What Brady Corbet has done with “The Brutalist,” both artistically and financially, is damn-near miraculous and something that producers should be paying close attention to.
Corbet had originally told THR that “The Brutalist” was made for “under $10M,” but didn’t give a specific figure. It turns out, the actual budget was a measly $6M (via Deadline). That is staggeringly low for such an ambitious work of art. I’m absolutely amazed by that low number. Given how big the film feels, and the way it was filmed, this is an absolute triumph.
The general belief is that indie movies need to scale it back given all of the budgetary constraints, but “The Brutalist” seems to have defied all of that. It has a monumental scale to it, an event-worthy craftsmanship that makes it a very lived-in film, one which spans over four decades of one man’s life.
Corbet recently said that the low budget on “The Brutalist” meant “years and years” of working for free as he was developing the project. “The Brutalist,” which was financed by multiple countries, was filmed in Budapest and Tuscany in Spring 2023 after endless COVID delays.

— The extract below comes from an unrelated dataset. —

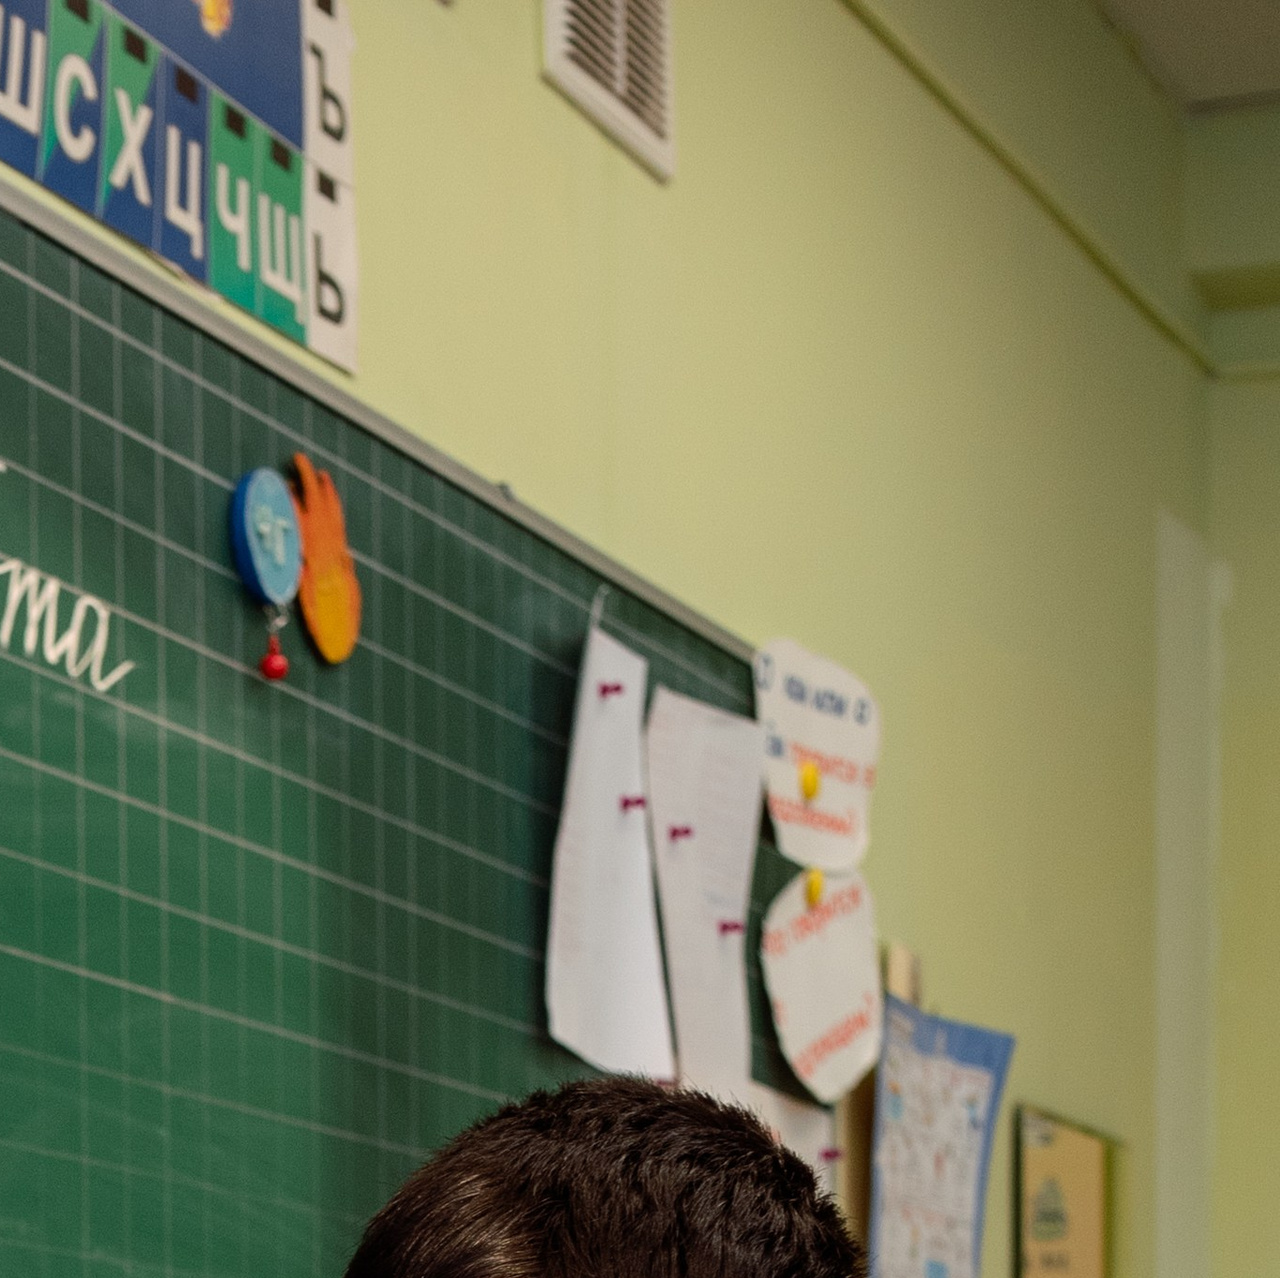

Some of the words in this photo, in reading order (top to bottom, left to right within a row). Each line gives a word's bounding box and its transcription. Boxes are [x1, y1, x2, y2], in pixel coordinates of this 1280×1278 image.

“We cut every corner we could to make sure that every single cent was on-screen,” Corbet said. “It was a Herculean effort, and I wouldn’t recommend it to anyone, because it was just years and years of essentially working for free.”
Now I get why Corbet has said, multiple times, that “The Brutalist” is “a lot of things that everyone tells you you’re not allowed to do” in filmmaking. It quite literally throws out the conventions of indie filmmaking 101 and defies what low-budget projects can achieve.
The end result is that “The Brutalist” won the Silver Lion at Venice and is now a major Oscar contender. A24 recently bought it for $10M. It’s set to screen at numerous other festivals this fall and will be released theatrically in December.